- Born: 16 November 1779 Desio
- Died: 1823 (aged 43–44) Monza
- Occupations: Agronomist; Botanist; Landscape architect;
- Era: 1700

= Luigi Villoresi (botanist) =

Italian agronomist, botanist, and landscape architect

Luigi Villoresi (Desio, November 16, 1779 - Monza, 1823) was an Italian agronomist, botanist and landscape architect, garden designer and rose hybridizer.

== Biography ==
The Villoresi family originates from the Kingdom of Valencia. The surname ("de Villores" in Spanish) derives from the namesake village where the family’s former residence, now the town hall, is still located. Engaged in the production and trade of wool, knowledgeable in the arts, botany, and pharmacy (learned during the Moors' occupation of Spain), in the 15th century, they moved to the Mugello region in Tuscany. From there, they established initial contacts with the Medici family and practiced as botanists, gardeners, and pharmacists in Prato, Florence, and Livorno. The first known name is Giandomenico, a gardener for the grand ducal household during the time of Leopold I around the mid-18th century.

His son Antonio moved, on the grand duke’s commission, to Lombardy to work as a gardener for the Austrian Viceroy Ferdinand of Austria-Este.
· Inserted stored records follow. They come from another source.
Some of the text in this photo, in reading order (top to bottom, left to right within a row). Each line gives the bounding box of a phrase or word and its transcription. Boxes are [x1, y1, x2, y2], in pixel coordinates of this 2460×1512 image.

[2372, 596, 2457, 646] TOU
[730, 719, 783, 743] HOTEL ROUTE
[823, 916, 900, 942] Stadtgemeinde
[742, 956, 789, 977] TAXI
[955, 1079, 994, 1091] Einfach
In this role, he created several parks and villas in the Milan area (Villa Tittoni Traversi), gaining experience that was passed on to his son Luigi.
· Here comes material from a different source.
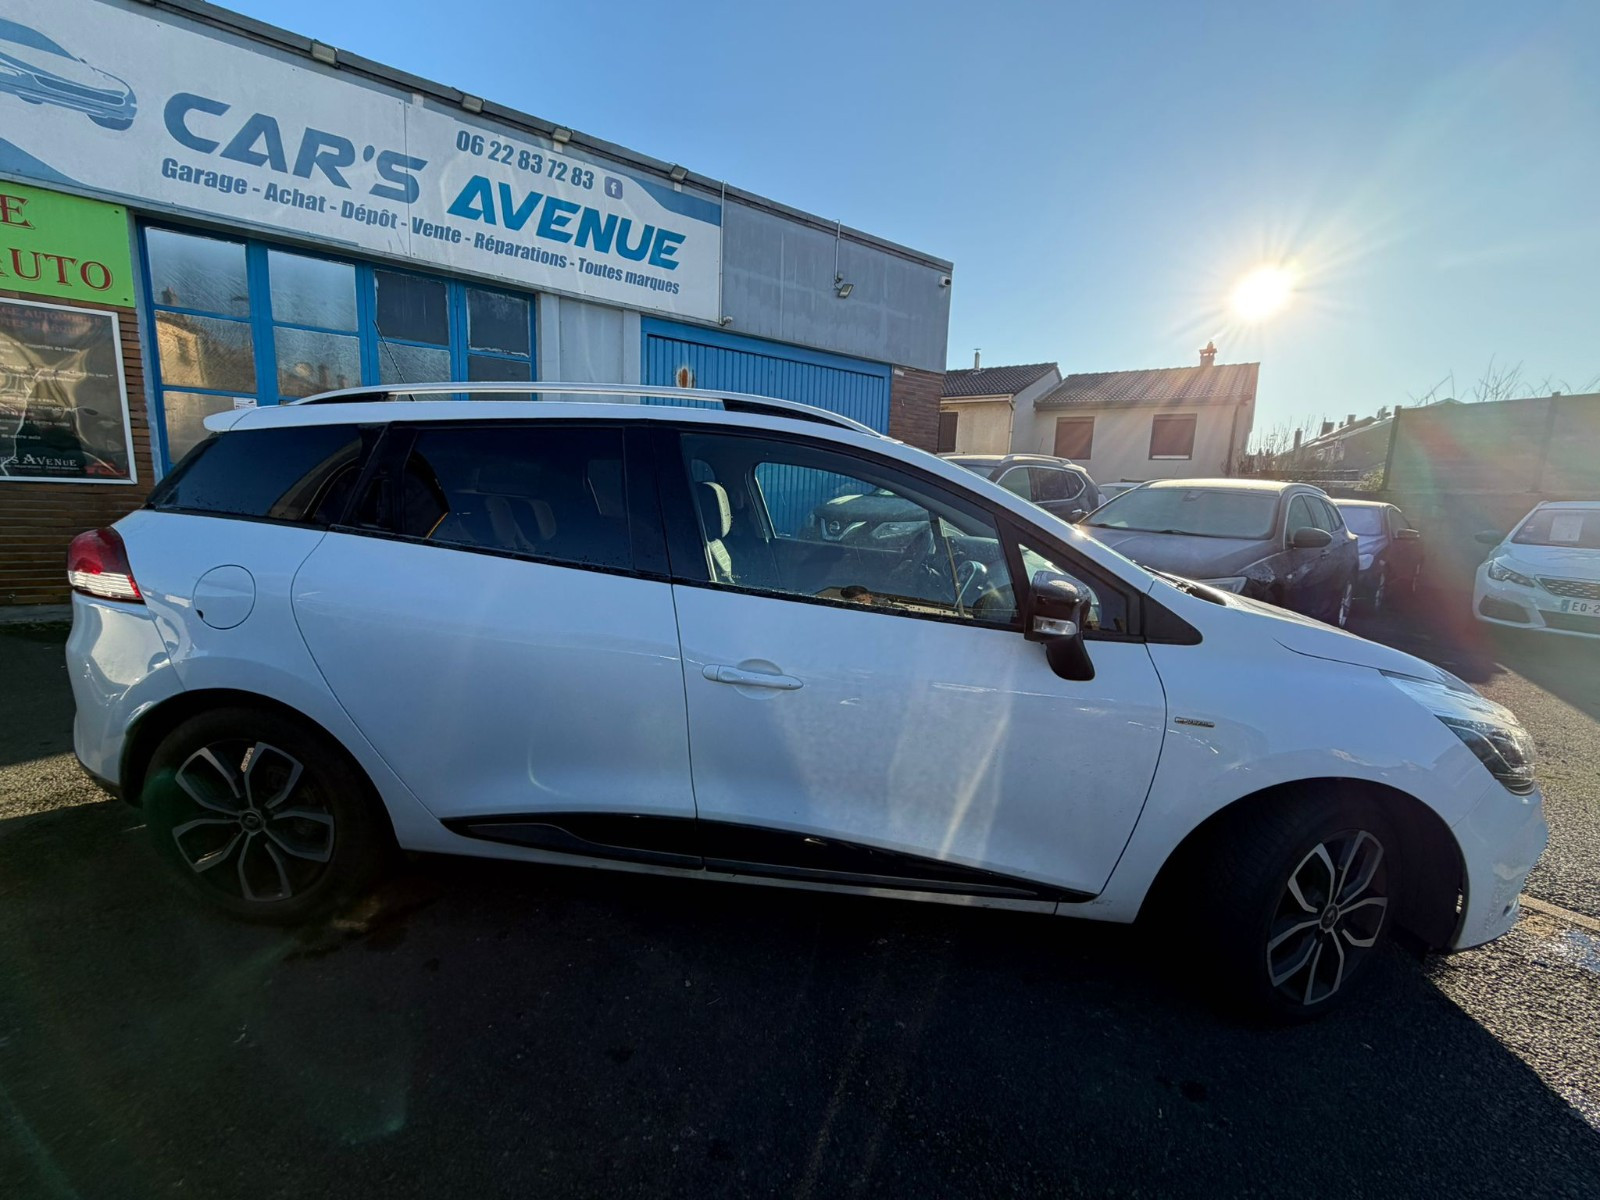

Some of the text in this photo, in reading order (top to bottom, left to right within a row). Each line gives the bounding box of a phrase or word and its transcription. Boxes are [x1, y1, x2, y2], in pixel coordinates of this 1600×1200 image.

Luigi Villoresi graduated as a surveyor from the University of Pavia and was responsible, from 1802 to 1823, for the gardens and park of the Villa Reale in Monza. He planted the long row of plane trees that adorn the avenue leading to the villa, and during these works, he met Luigi Canonica.
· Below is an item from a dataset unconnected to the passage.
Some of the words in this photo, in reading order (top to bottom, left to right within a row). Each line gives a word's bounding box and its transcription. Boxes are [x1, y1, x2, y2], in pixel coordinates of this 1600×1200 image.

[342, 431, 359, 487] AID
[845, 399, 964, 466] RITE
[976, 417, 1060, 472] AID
Villoresi was also tasked with managing all the festivities held in the villa’s gardens. In 1805, during the coronation of Napoleon as King of Italy on May 26, he was responsible for organizing the scenery. He sent one hundred carts of flowers to Milan and transported, under his responsibility, the famous Iron Crown, always kept in the Monza Cathedral.

Canonica and Villoresi collaborated not only on the Monza Palace but also on the creation of the gardens of Villa Melzi d'Eril in Bellagio, commissioned by Duke Francesco Melzi d'Eril. Villoresi also worked on other significant gardens, such as those of the Villa Belgiojoso Bonaparte in Milan, already designed by Leopold Pollack, and took on less prestigious commissions, such as the Agazzano Castle, the gardens of Villa Alari in Cernusco sul Naviglio (MI), and the gardens of the former Perego Palace in Cremnago, as well as Villa Rescalli in Busto Garolfo.

Luigi Villoresi is also remembered for founding the first botanical school in Lombardy, located within the Monza Park, and for being the first rose hybridizer in Italy. The rose named after him, "Bella di Monza" (Modoetiensis Villoresi), is famous, but he created more than twenty new rose varieties of the Bengal and China types.

== Descendants ==
Luigi Villoresi married Teresa Baffa, who gave him one daughter and seven sons, two of whom became engineers and five priests. Eugenio Villoresi, the second-born, is the most well-known, having built the Canale Villoresi. The sixth-born, Andrea (a Barnabite who took the name Luigi in honor of his father), founded the Institute of Poor Clerics in Monza in 1862, where over 700 priests were trained according to the teachings of his mentor, Father Rosmini.

Four other sons became priests: Don Antonio in Desio, Don Federigo in Gallarate, Don Gaetano (Ranieri) in Socconago (Busto Arsizio), and Don Giosuè in Fabbrica Durini. The last son, Filippo, became an engineer and, like his father, dedicated himself to designing parks and gardens. The daughter, Amalia, was a lady-in-waiting to Vicereine Amalia of Bavaria and married Giuseppe Meraviglia of Vanzago. Their son, Luigi Meraviglia, collaborated with his uncle Eugenio in designing the Canale Villoresi.

There were many Luigis in the Villoresi family: besides the father and the Barnabite son, there was also a grandson. The grandson Luigi, son of Eugenio Villoresi, along with his brother Giuseppe, both engineers, worked as construction managers for the canal designed by their father. They also designed the Como–Brunate Funicular, the San Pellegrino Funicular, and the grand hydraulic work known as the "Botte Villoresi", beneath the Secchia River for the reclamation of the Mantuan countryside (over 30,000 hectares of land). On November 19, 1905, he was appointed Knight of Labor. Gigi Villoresi, great-grandson of the botanist, was one of Italy’s most famous race car drivers. He raced for the Maserati, Ferrari, and Lancia teams from 1935 to 1958, when he won first place in the prestigious Acropolis Rally in Greece. Among the descendants is also Renato Villoresi (1917–1944), Captain of the Royal Army Artillery, soldier, and partisan, martyr of the Fosse Ardeatine, awarded the Gold Medal of Military Valor.